* [Task to complete]:
Only the pictures are to be left out; return the rest of the data exactly as it stands.

* [Excerpted records]:
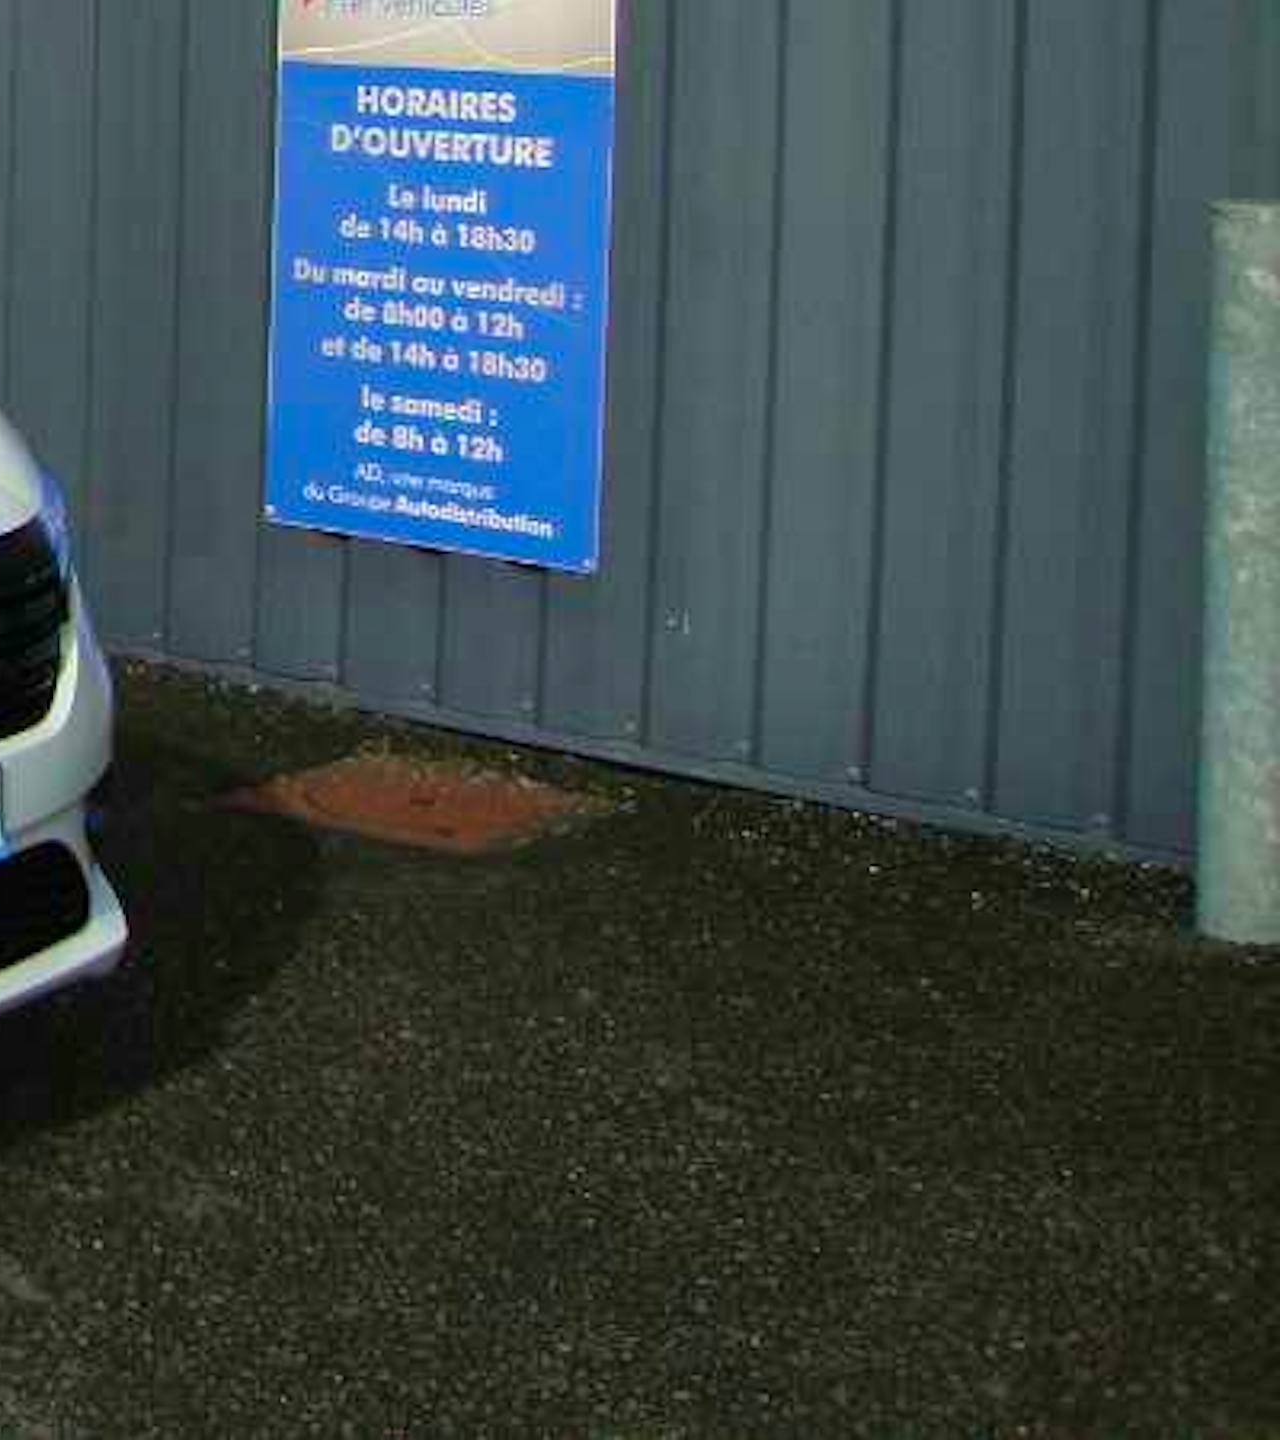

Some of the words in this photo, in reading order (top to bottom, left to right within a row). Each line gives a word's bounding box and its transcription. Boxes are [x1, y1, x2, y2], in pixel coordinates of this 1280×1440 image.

[356, 84, 518, 122] HORAIRES
[330, 123, 555, 168] D'OUVERTURE
[423, 186, 488, 214] lundi
[339, 214, 371, 239] de
[380, 216, 423, 245] 14h
[458, 223, 536, 253] 18h30
[293, 259, 326, 283] Du
[333, 266, 406, 292] mardi
[412, 275, 445, 295] au
[452, 277, 566, 310] vendredi
[343, 297, 376, 322] de
[478, 311, 524, 340] 12h
[321, 337, 345, 357] et
[352, 337, 383, 362] de
[391, 341, 436, 370] 14h
[468, 350, 547, 382] 18h30
[391, 393, 482, 424] samedi
[354, 420, 387, 446] de
[392, 423, 424, 451] 8h
[457, 434, 503, 464] 12h
[395, 494, 554, 539] Autodistribution
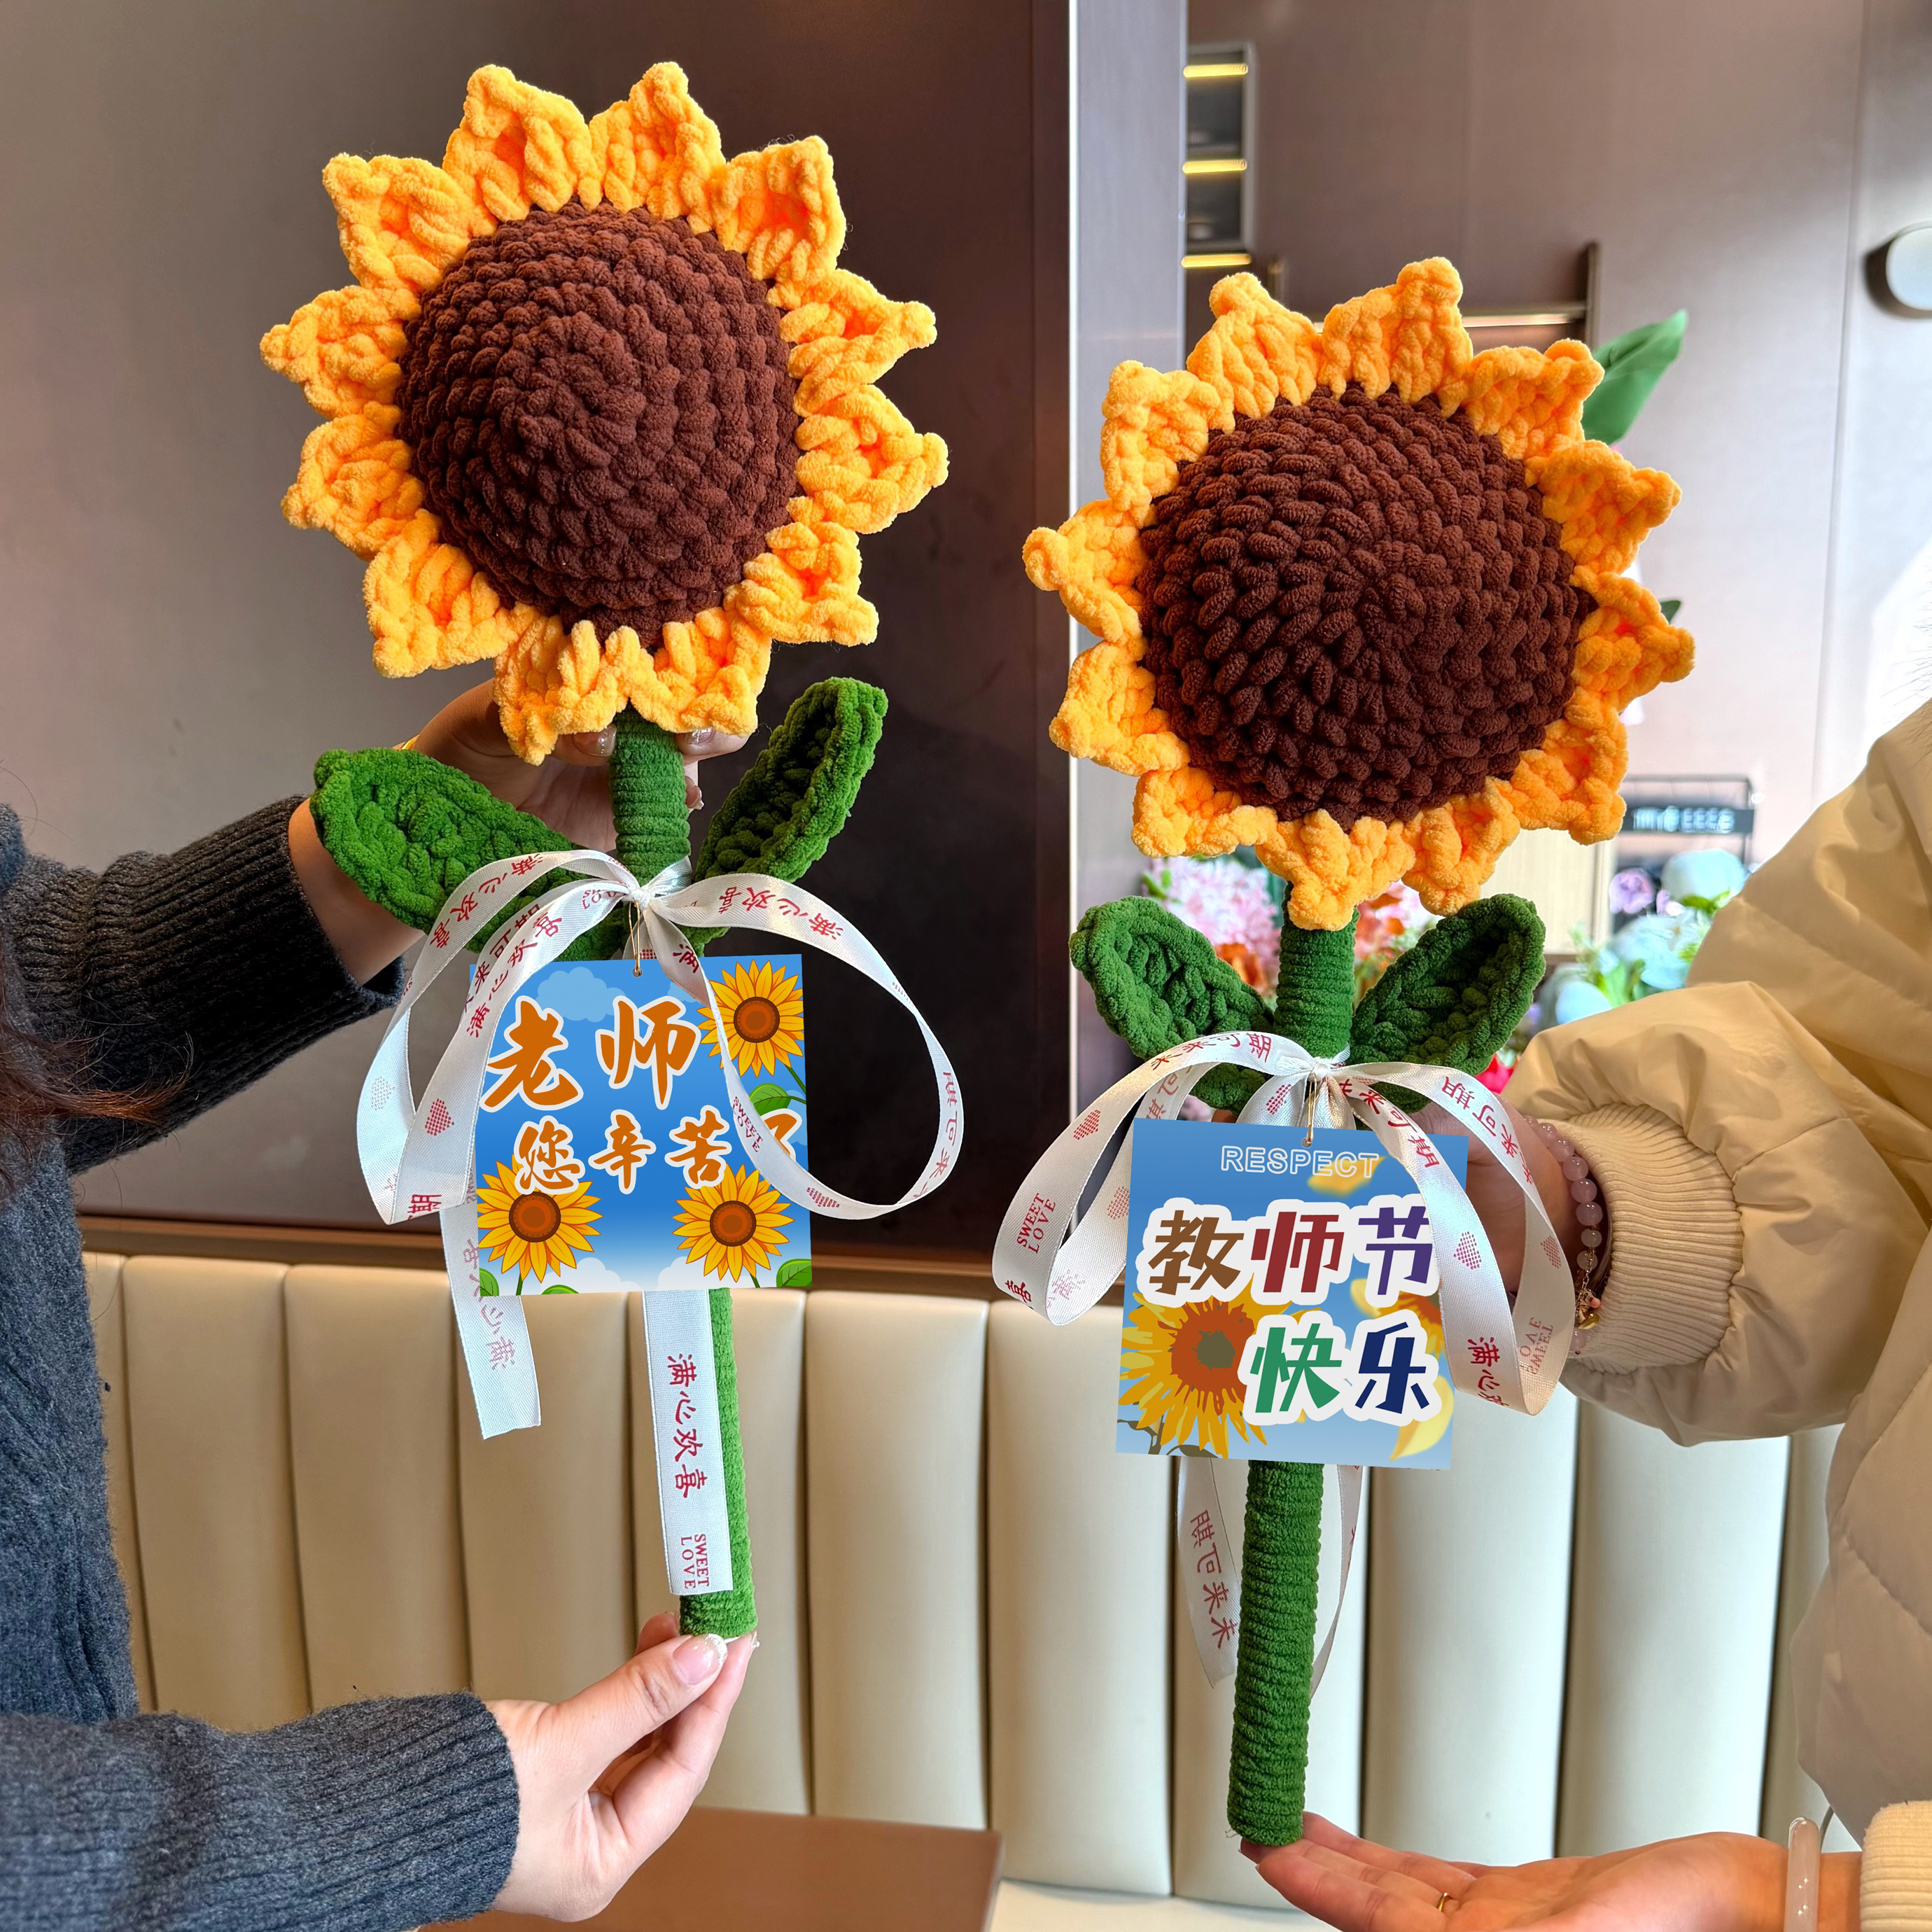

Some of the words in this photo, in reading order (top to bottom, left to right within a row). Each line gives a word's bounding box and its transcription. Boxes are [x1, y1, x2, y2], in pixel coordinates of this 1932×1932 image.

[429, 853, 543, 948] 满心欢喜
[718, 886, 844, 940] 满心欢喜
[466, 911, 563, 1038] 满心欢喜
[483, 998, 699, 1110] 老师
[1150, 1032, 1273, 1071] 未来可期
[732, 1096, 764, 1143] SWEET
[1219, 1145, 1380, 1179] RESPECT
[1016, 1192, 1045, 1248] SWEET
[1028, 1198, 1057, 1254] LOVE
[1146, 1204, 1435, 1297] 教师节
[1250, 1321, 1431, 1415] 快乐
[666, 1353, 708, 1499] 满心欢喜
[680, 1535, 696, 1590] LOVE
[693, 1532, 710, 1588] SWEET
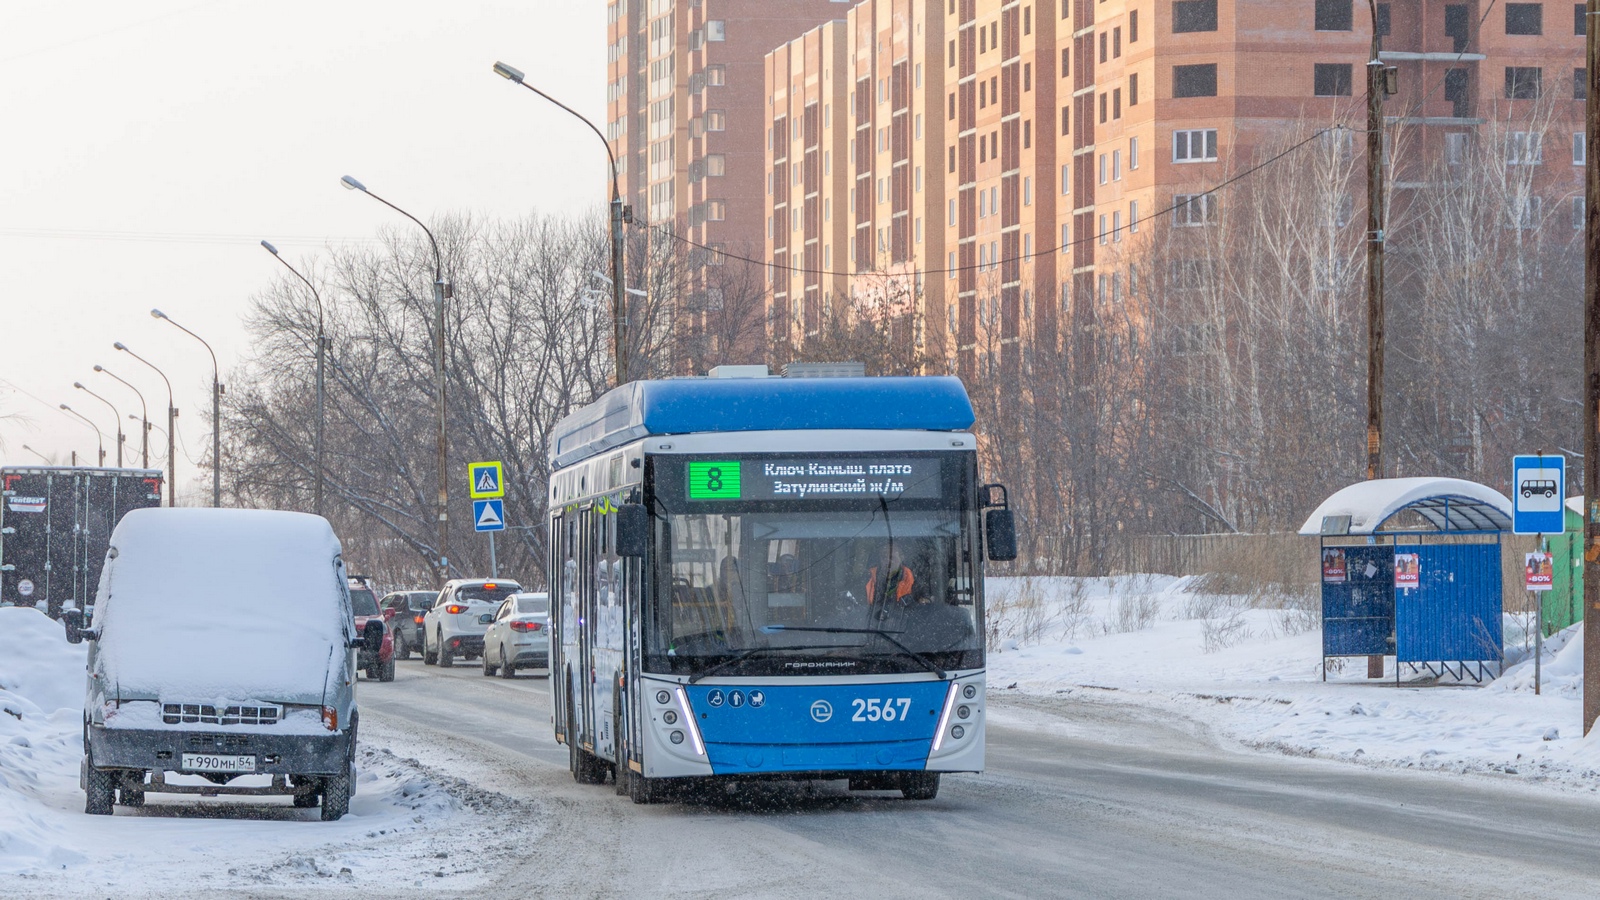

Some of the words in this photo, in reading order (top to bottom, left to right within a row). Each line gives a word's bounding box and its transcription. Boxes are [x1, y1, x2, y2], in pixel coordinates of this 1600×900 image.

[707, 467, 723, 491] 8
[764, 463, 866, 476] Ключ-Камыш.
[869, 464, 912, 475] плато
[774, 478, 866, 497] Затулинский
[869, 478, 904, 495] ж/м
[851, 698, 912, 722] 2567
[238, 757, 251, 766] 54

* [Answer below]:
Some of the words in this photo, in reading order (top to bottom, left to right within a row). Each line gives a word's bounding box and its transcription. Boxes are [x1, y1, x2, y2], in pixel coordinates of this 1280×1440 image.

[356, 84, 518, 122] HORAIRES
[330, 123, 555, 168] D'OUVERTURE
[423, 186, 488, 214] lundi
[339, 214, 371, 239] de
[380, 216, 423, 245] 14h
[458, 223, 536, 253] 18h30
[293, 259, 326, 283] Du
[333, 266, 406, 292] mardi
[412, 275, 445, 295] au
[452, 277, 566, 310] vendredi
[343, 297, 376, 322] de
[478, 311, 524, 340] 12h
[321, 337, 345, 357] et
[352, 337, 383, 362] de
[391, 341, 436, 370] 14h
[468, 350, 547, 382] 18h30
[391, 393, 482, 424] samedi
[354, 420, 387, 446] de
[392, 423, 424, 451] 8h
[457, 434, 503, 464] 12h
[395, 494, 554, 539] Autodistribution

Some of the words in this photo, in reading order (top to bottom, left to right within a row). Each line gives a word's bounding box and its transcription. Boxes are [x1, y1, x2, y2], in pixel coordinates of this 1932×1932 image.

[429, 853, 543, 948] 满心欢喜
[718, 886, 844, 940] 满心欢喜
[466, 911, 563, 1038] 满心欢喜
[483, 998, 699, 1110] 老师
[1150, 1032, 1273, 1071] 未来可期
[732, 1096, 764, 1143] SWEET
[1219, 1145, 1380, 1179] RESPECT
[1016, 1192, 1045, 1248] SWEET
[1028, 1198, 1057, 1254] LOVE
[1146, 1204, 1435, 1297] 教师节
[1250, 1321, 1431, 1415] 快乐
[666, 1353, 708, 1499] 满心欢喜
[680, 1535, 696, 1590] LOVE
[693, 1532, 710, 1588] SWEET

Some of the words in this photo, in reading order (top to bottom, left to right within a row). Each line gives a word's bounding box and its transcription. Boxes are [x1, y1, x2, y2], in pixel coordinates of this 1600×900 image.

[707, 467, 723, 491] 8
[764, 463, 866, 476] Ключ-Камыш.
[869, 464, 912, 475] плато
[774, 478, 866, 497] Затулинский
[869, 478, 904, 495] ж/м
[851, 698, 912, 722] 2567
[238, 757, 251, 766] 54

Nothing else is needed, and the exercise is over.